**Directions for this task**.
Set down the material again. Keep every line exactly as it is.
═══ Source material
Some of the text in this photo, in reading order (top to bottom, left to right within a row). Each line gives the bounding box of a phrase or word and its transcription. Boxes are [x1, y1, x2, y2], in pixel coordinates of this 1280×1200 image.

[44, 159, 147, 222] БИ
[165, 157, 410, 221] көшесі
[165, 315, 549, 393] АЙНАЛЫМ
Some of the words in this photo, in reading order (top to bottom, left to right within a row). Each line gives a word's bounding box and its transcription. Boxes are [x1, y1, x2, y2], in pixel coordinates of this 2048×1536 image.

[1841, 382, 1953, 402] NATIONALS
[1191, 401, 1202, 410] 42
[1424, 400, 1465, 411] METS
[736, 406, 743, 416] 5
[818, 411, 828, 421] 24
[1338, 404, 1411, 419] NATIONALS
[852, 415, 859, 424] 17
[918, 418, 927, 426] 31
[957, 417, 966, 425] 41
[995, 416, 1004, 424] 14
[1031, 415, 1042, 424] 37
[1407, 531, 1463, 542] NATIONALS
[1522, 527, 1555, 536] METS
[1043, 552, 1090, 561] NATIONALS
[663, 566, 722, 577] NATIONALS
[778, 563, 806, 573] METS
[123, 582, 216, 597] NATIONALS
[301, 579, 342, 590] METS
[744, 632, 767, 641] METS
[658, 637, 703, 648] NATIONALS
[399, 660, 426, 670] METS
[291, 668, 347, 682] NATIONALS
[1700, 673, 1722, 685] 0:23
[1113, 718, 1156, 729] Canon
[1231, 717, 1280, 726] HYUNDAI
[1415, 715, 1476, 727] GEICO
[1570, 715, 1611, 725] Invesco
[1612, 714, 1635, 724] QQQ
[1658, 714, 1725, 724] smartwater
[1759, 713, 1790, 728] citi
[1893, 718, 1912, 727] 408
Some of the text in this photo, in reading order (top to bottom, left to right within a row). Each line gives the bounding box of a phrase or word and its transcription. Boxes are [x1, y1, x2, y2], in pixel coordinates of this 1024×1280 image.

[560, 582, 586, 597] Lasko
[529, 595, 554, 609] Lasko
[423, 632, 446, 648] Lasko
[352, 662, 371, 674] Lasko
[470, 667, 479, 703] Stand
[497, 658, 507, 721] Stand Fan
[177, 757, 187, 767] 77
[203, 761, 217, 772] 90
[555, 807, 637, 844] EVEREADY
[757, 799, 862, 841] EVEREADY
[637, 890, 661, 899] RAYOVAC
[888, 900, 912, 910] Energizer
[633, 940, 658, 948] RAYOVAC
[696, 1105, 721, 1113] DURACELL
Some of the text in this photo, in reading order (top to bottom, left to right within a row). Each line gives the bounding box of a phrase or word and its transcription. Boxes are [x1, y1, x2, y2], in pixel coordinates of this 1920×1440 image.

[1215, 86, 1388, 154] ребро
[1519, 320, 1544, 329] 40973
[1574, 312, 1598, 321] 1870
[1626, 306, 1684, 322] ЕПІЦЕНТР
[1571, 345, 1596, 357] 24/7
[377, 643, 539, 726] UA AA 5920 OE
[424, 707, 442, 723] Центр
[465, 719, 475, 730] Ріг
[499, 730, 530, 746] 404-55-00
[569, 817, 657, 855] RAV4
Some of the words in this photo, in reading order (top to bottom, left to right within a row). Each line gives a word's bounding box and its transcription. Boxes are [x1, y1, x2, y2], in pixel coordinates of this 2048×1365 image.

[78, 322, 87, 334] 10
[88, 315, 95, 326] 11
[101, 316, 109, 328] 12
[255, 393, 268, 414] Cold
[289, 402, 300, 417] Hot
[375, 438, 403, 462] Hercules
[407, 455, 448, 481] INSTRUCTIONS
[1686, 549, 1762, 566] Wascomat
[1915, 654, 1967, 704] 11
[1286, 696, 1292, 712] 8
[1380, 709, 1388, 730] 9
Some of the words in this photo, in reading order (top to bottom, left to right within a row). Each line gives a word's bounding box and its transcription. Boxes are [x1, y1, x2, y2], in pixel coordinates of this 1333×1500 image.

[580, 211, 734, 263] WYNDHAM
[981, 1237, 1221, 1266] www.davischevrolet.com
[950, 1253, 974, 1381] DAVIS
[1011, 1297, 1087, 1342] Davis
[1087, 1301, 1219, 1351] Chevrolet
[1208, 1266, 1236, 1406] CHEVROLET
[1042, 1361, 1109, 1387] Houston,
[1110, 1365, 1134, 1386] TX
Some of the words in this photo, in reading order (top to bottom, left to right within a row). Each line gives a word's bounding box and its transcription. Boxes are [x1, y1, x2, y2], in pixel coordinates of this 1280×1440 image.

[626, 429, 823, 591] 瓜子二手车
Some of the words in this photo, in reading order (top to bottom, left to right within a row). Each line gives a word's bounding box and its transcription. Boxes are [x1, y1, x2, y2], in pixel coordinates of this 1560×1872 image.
══════
**Answer to the exercise**.
Some of the text in this photo, in reading order (top to bottom, left to right within a row). Each line gives the bounding box of a phrase or word and its transcription. Boxes are [x1, y1, x2, y2], in pixel coordinates of this 1280×1200 image.

[44, 159, 147, 222] БИ
[165, 157, 410, 221] көшесі
[165, 315, 549, 393] АЙНАЛЫМ
Some of the words in this photo, in reading order (top to bottom, left to right within a row). Each line gives a word's bounding box and its transcription. Boxes are [x1, y1, x2, y2], in pixel coordinates of this 2048×1536 image.

[1841, 382, 1953, 402] NATIONALS
[1191, 401, 1202, 410] 42
[1424, 400, 1465, 411] METS
[736, 406, 743, 416] 5
[818, 411, 828, 421] 24
[1338, 404, 1411, 419] NATIONALS
[852, 415, 859, 424] 17
[918, 418, 927, 426] 31
[957, 417, 966, 425] 41
[995, 416, 1004, 424] 14
[1031, 415, 1042, 424] 37
[1407, 531, 1463, 542] NATIONALS
[1522, 527, 1555, 536] METS
[1043, 552, 1090, 561] NATIONALS
[663, 566, 722, 577] NATIONALS
[778, 563, 806, 573] METS
[123, 582, 216, 597] NATIONALS
[301, 579, 342, 590] METS
[744, 632, 767, 641] METS
[658, 637, 703, 648] NATIONALS
[399, 660, 426, 670] METS
[291, 668, 347, 682] NATIONALS
[1700, 673, 1722, 685] 0:23
[1113, 718, 1156, 729] Canon
[1231, 717, 1280, 726] HYUNDAI
[1415, 715, 1476, 727] GEICO
[1570, 715, 1611, 725] Invesco
[1612, 714, 1635, 724] QQQ
[1658, 714, 1725, 724] smartwater
[1759, 713, 1790, 728] citi
[1893, 718, 1912, 727] 408
Some of the text in this photo, in reading order (top to bottom, left to right within a row). Each line gives the bounding box of a phrase or word and its transcription. Boxes are [x1, y1, x2, y2], in pixel coordinates of this 1024×1280 image.

[560, 582, 586, 597] Lasko
[529, 595, 554, 609] Lasko
[423, 632, 446, 648] Lasko
[352, 662, 371, 674] Lasko
[470, 667, 479, 703] Stand
[497, 658, 507, 721] Stand Fan
[177, 757, 187, 767] 77
[203, 761, 217, 772] 90
[555, 807, 637, 844] EVEREADY
[757, 799, 862, 841] EVEREADY
[637, 890, 661, 899] RAYOVAC
[888, 900, 912, 910] Energizer
[633, 940, 658, 948] RAYOVAC
[696, 1105, 721, 1113] DURACELL
Some of the text in this photo, in reading order (top to bottom, left to right within a row). Each line gives the bounding box of a phrase or word and its transcription. Boxes are [x1, y1, x2, y2], in pixel coordinates of this 1920×1440 image.

[1215, 86, 1388, 154] ребро
[1519, 320, 1544, 329] 40973
[1574, 312, 1598, 321] 1870
[1626, 306, 1684, 322] ЕПІЦЕНТР
[1571, 345, 1596, 357] 24/7
[377, 643, 539, 726] UA AA 5920 OE
[424, 707, 442, 723] Центр
[465, 719, 475, 730] Ріг
[499, 730, 530, 746] 404-55-00
[569, 817, 657, 855] RAV4
Some of the words in this photo, in reading order (top to bottom, left to right within a row). Each line gives a word's bounding box and its transcription. Boxes are [x1, y1, x2, y2], in pixel coordinates of this 2048×1365 image.

[78, 322, 87, 334] 10
[88, 315, 95, 326] 11
[101, 316, 109, 328] 12
[255, 393, 268, 414] Cold
[289, 402, 300, 417] Hot
[375, 438, 403, 462] Hercules
[407, 455, 448, 481] INSTRUCTIONS
[1686, 549, 1762, 566] Wascomat
[1915, 654, 1967, 704] 11
[1286, 696, 1292, 712] 8
[1380, 709, 1388, 730] 9
Some of the words in this photo, in reading order (top to bottom, left to right within a row). Each line gives a word's bounding box and its transcription. Boxes are [x1, y1, x2, y2], in pixel coordinates of this 1333×1500 image.

[580, 211, 734, 263] WYNDHAM
[981, 1237, 1221, 1266] www.davischevrolet.com
[950, 1253, 974, 1381] DAVIS
[1011, 1297, 1087, 1342] Davis
[1087, 1301, 1219, 1351] Chevrolet
[1208, 1266, 1236, 1406] CHEVROLET
[1042, 1361, 1109, 1387] Houston,
[1110, 1365, 1134, 1386] TX
Some of the words in this photo, in reading order (top to bottom, left to right within a row). Each line gives a word's bounding box and its transcription. Boxes are [x1, y1, x2, y2], in pixel coordinates of this 1280×1440 image.

[626, 429, 823, 591] 瓜子二手车
Some of the words in this photo, in reading order (top to bottom, left to right within a row). Each line gives a word's bounding box and its transcription. Boxes are [x1, y1, x2, y2], in pixel coordinates of this 1560×1872 image.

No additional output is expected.